[Dataset excerpts]
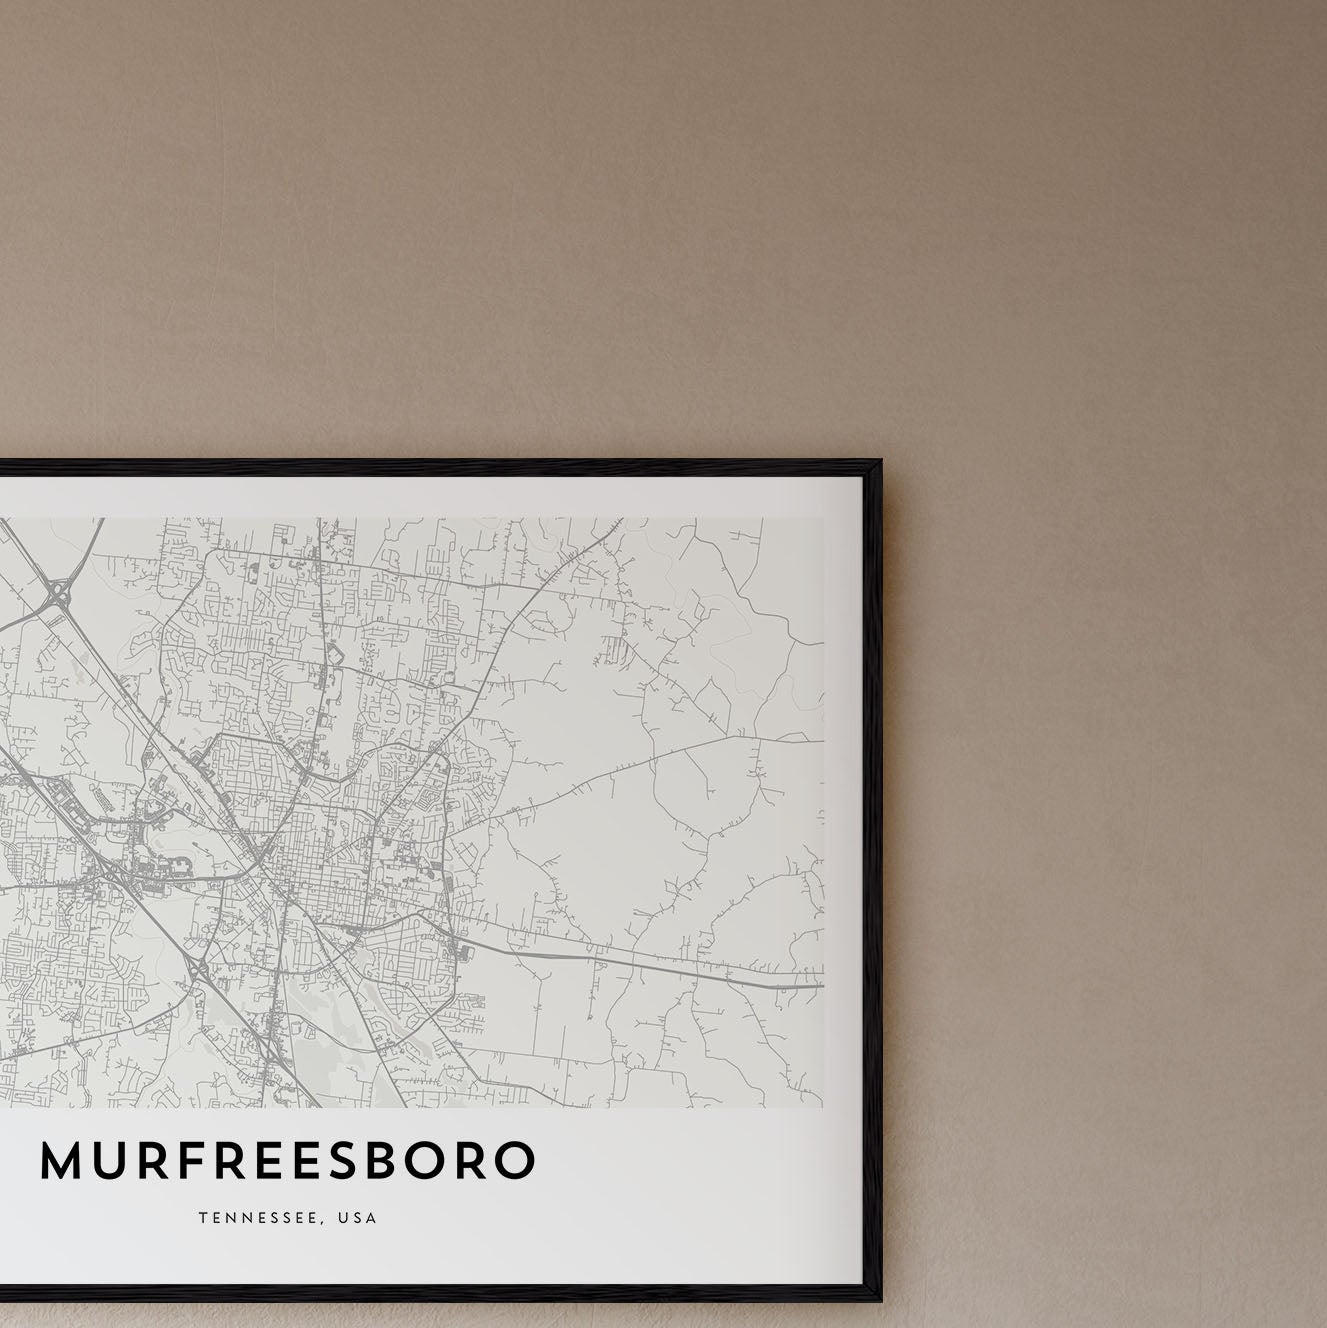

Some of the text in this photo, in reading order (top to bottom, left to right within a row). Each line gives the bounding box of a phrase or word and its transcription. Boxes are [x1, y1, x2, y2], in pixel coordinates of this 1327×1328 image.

[41, 1140, 535, 1180] MURFREESBORO
[198, 1211, 376, 1226] TENNESSEE, USA
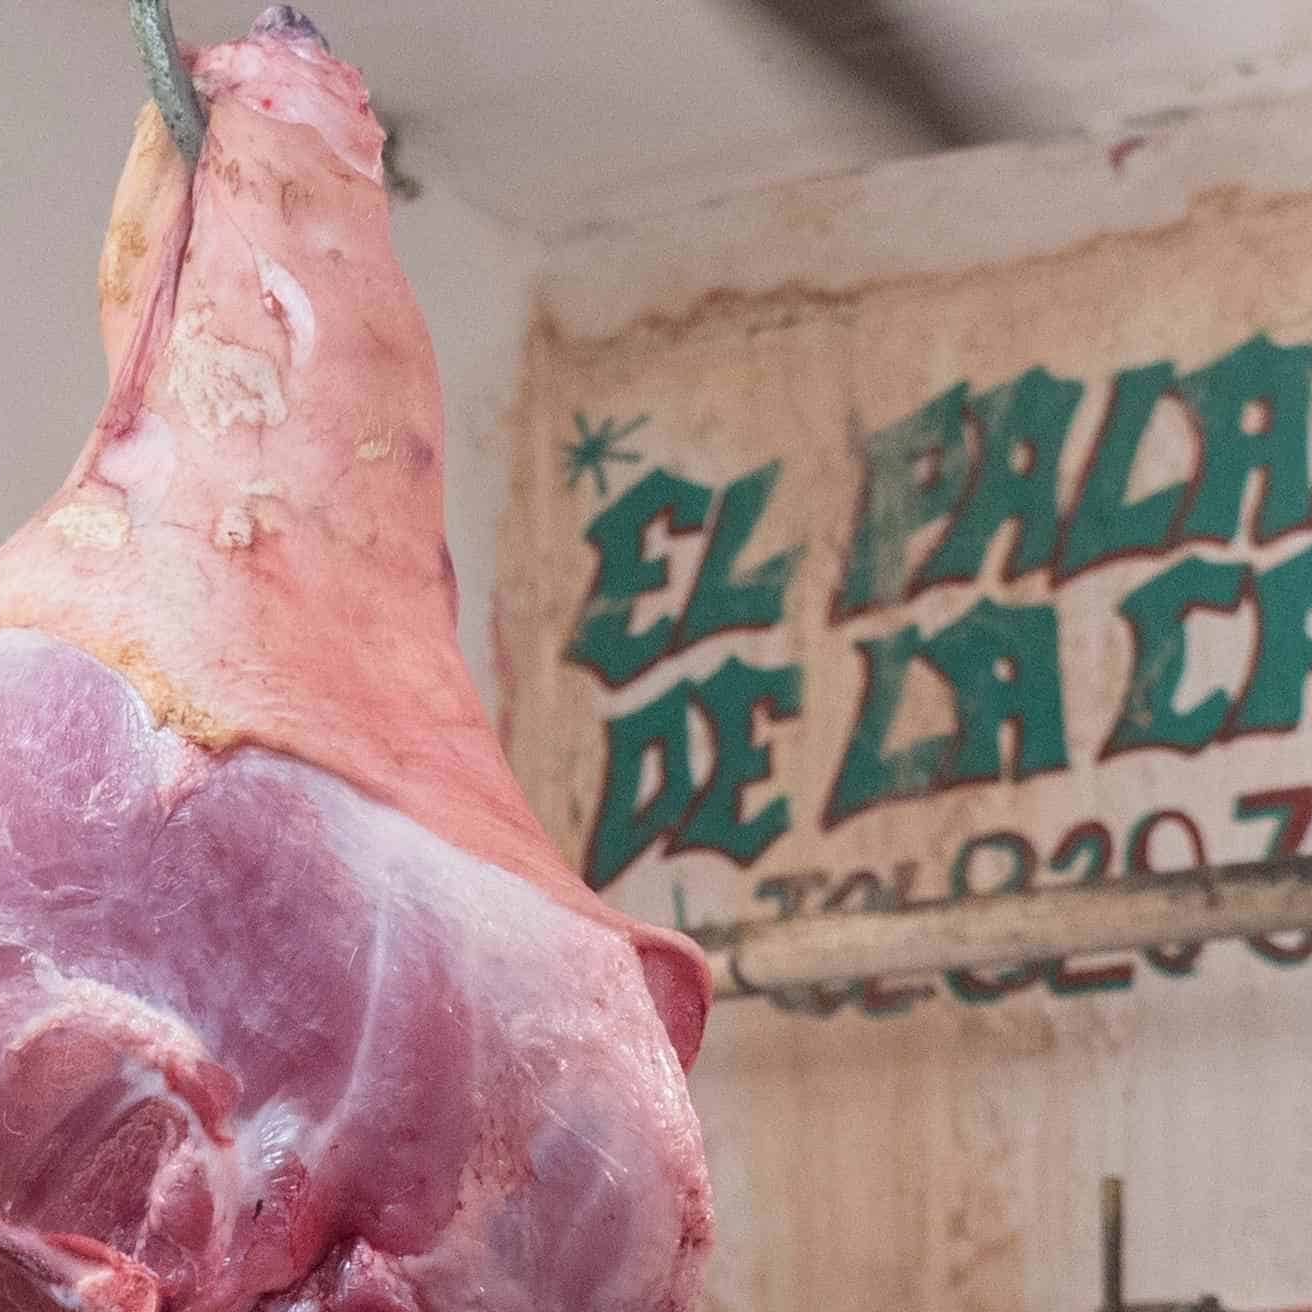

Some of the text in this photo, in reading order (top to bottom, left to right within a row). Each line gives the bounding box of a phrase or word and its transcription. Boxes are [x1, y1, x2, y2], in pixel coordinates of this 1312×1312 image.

[561, 459, 805, 690] EL
[584, 657, 803, 890] DE
[820, 595, 1071, 831] LA
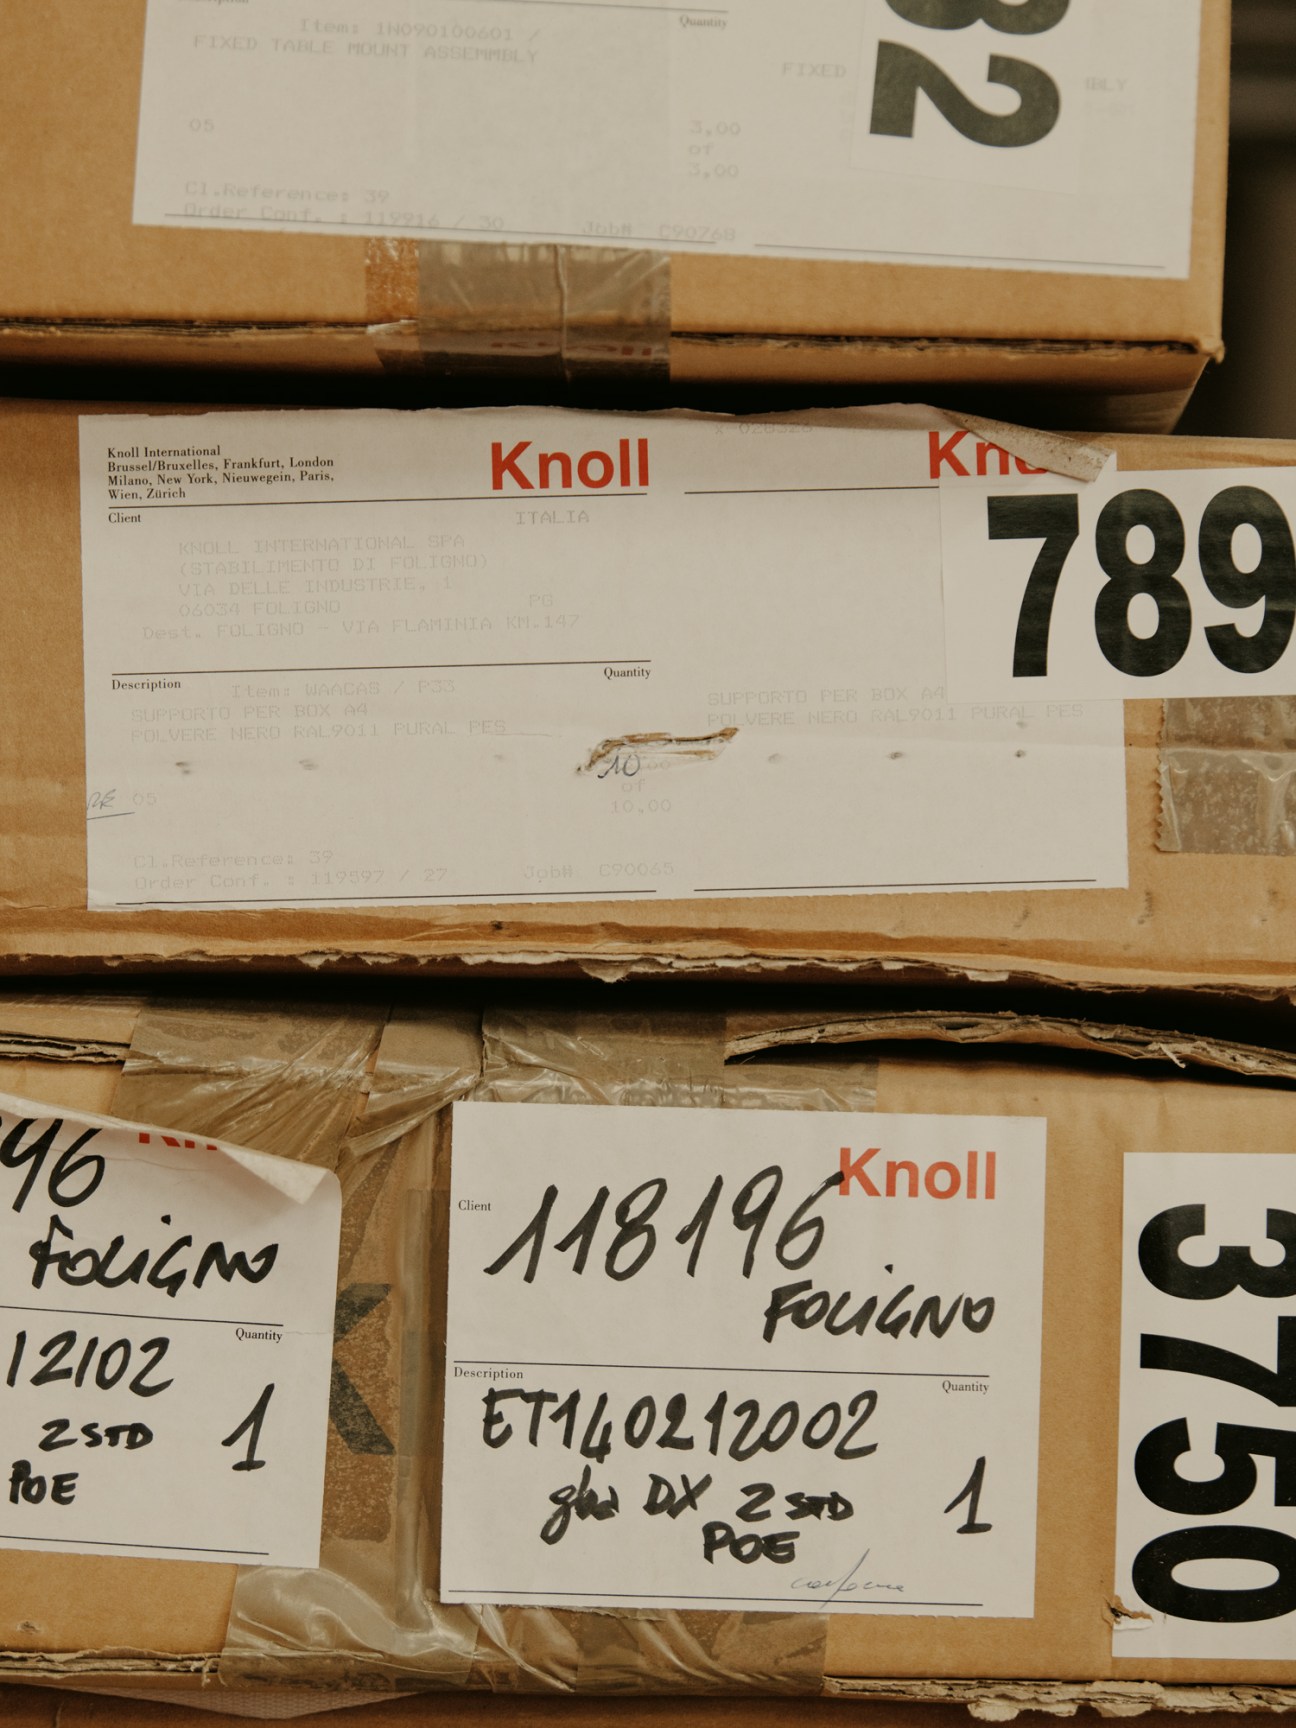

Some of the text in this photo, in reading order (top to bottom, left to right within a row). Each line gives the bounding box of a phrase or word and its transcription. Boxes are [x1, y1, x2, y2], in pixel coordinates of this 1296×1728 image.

[679, 15, 728, 30] Quantity
[193, 35, 258, 50] FIXED
[271, 38, 334, 54] TABLE
[347, 41, 411, 58] MOUNT
[781, 62, 847, 79] FIXED
[364, 191, 392, 205] 39
[107, 445, 221, 459] Knoll International
[107, 456, 334, 473] Brussel/Bruxelles, Frankfurt, London
[491, 438, 649, 491] Knoll
[107, 470, 335, 486] Milano, New York, Nieuwegein, Paris,
[108, 487, 186, 500] Wien, Zürich
[108, 512, 142, 524] Client
[515, 510, 590, 526] ITALIA
[179, 534, 466, 556] KNOLL INTERNATIONAL SPA
[353, 557, 376, 572] DI
[178, 582, 216, 598] VIA
[229, 580, 290, 596] DELLE
[254, 600, 341, 616] FOLIGNO
[529, 593, 554, 608] PG
[218, 621, 304, 638] FOLIGNO
[343, 619, 380, 635] VIA
[392, 616, 493, 634] FLAMINIA
[603, 664, 651, 679] Quantity
[111, 677, 182, 692] Description
[707, 689, 808, 706] SUPPORTO
[821, 688, 857, 703] PER
[871, 687, 907, 701] BOX
[131, 700, 368, 722] SUPPORTO PER BOX A4
[708, 710, 795, 727] POLVERE
[808, 709, 857, 724] NERO
[972, 705, 1035, 720] PURAL
[1047, 704, 1083, 718] PES
[131, 727, 217, 744] POLVERE
[231, 725, 280, 741] NERO
[394, 720, 456, 736] PURAL
[469, 719, 506, 734] PES
[309, 851, 333, 865] 39
[135, 875, 196, 890] Order
[423, 868, 447, 882] 27
[838, 1147, 996, 1200] Knoll
[458, 1199, 492, 1213] Client
[484, 1165, 845, 1283] 118196
[235, 1327, 283, 1343] Quantity
[453, 1366, 524, 1380] Description
[941, 1379, 990, 1395] Quantity
[943, 1455, 993, 1534] 1

--- Exercise ---
Return all the records above exactly, pictures omitted.

--- Answer to this task ---
Some of the text in this photo, in reading order (top to bottom, left to right within a row). Each line gives the bounding box of a phrase or word and its transcription. Boxes are [x1, y1, x2, y2], in pixel coordinates of this 1327×1328 image.

[41, 1140, 535, 1180] MURFREESBORO
[198, 1211, 376, 1226] TENNESSEE, USA

Some of the text in this photo, in reading order (top to bottom, left to right within a row). Each line gives the bounding box of a phrase or word and its transcription. Boxes are [x1, y1, x2, y2], in pixel coordinates of this 1312×1312 image.

[561, 459, 805, 690] EL
[584, 657, 803, 890] DE
[820, 595, 1071, 831] LA

Some of the text in this photo, in reading order (top to bottom, left to right within a row). Each line gives the bounding box of a phrase or word and its transcription. Boxes are [x1, y1, x2, y2], in pixel coordinates of this 1296×1728 image.

[679, 15, 728, 30] Quantity
[193, 35, 258, 50] FIXED
[271, 38, 334, 54] TABLE
[347, 41, 411, 58] MOUNT
[781, 62, 847, 79] FIXED
[364, 191, 392, 205] 39
[107, 445, 221, 459] Knoll International
[107, 456, 334, 473] Brussel/Bruxelles, Frankfurt, London
[491, 438, 649, 491] Knoll
[107, 470, 335, 486] Milano, New York, Nieuwegein, Paris,
[108, 487, 186, 500] Wien, Zürich
[108, 512, 142, 524] Client
[515, 510, 590, 526] ITALIA
[179, 534, 466, 556] KNOLL INTERNATIONAL SPA
[353, 557, 376, 572] DI
[178, 582, 216, 598] VIA
[229, 580, 290, 596] DELLE
[254, 600, 341, 616] FOLIGNO
[529, 593, 554, 608] PG
[218, 621, 304, 638] FOLIGNO
[343, 619, 380, 635] VIA
[392, 616, 493, 634] FLAMINIA
[603, 664, 651, 679] Quantity
[111, 677, 182, 692] Description
[707, 689, 808, 706] SUPPORTO
[821, 688, 857, 703] PER
[871, 687, 907, 701] BOX
[131, 700, 368, 722] SUPPORTO PER BOX A4
[708, 710, 795, 727] POLVERE
[808, 709, 857, 724] NERO
[972, 705, 1035, 720] PURAL
[1047, 704, 1083, 718] PES
[131, 727, 217, 744] POLVERE
[231, 725, 280, 741] NERO
[394, 720, 456, 736] PURAL
[469, 719, 506, 734] PES
[309, 851, 333, 865] 39
[135, 875, 196, 890] Order
[423, 868, 447, 882] 27
[838, 1147, 996, 1200] Knoll
[458, 1199, 492, 1213] Client
[484, 1165, 845, 1283] 118196
[235, 1327, 283, 1343] Quantity
[453, 1366, 524, 1380] Description
[941, 1379, 990, 1395] Quantity
[943, 1455, 993, 1534] 1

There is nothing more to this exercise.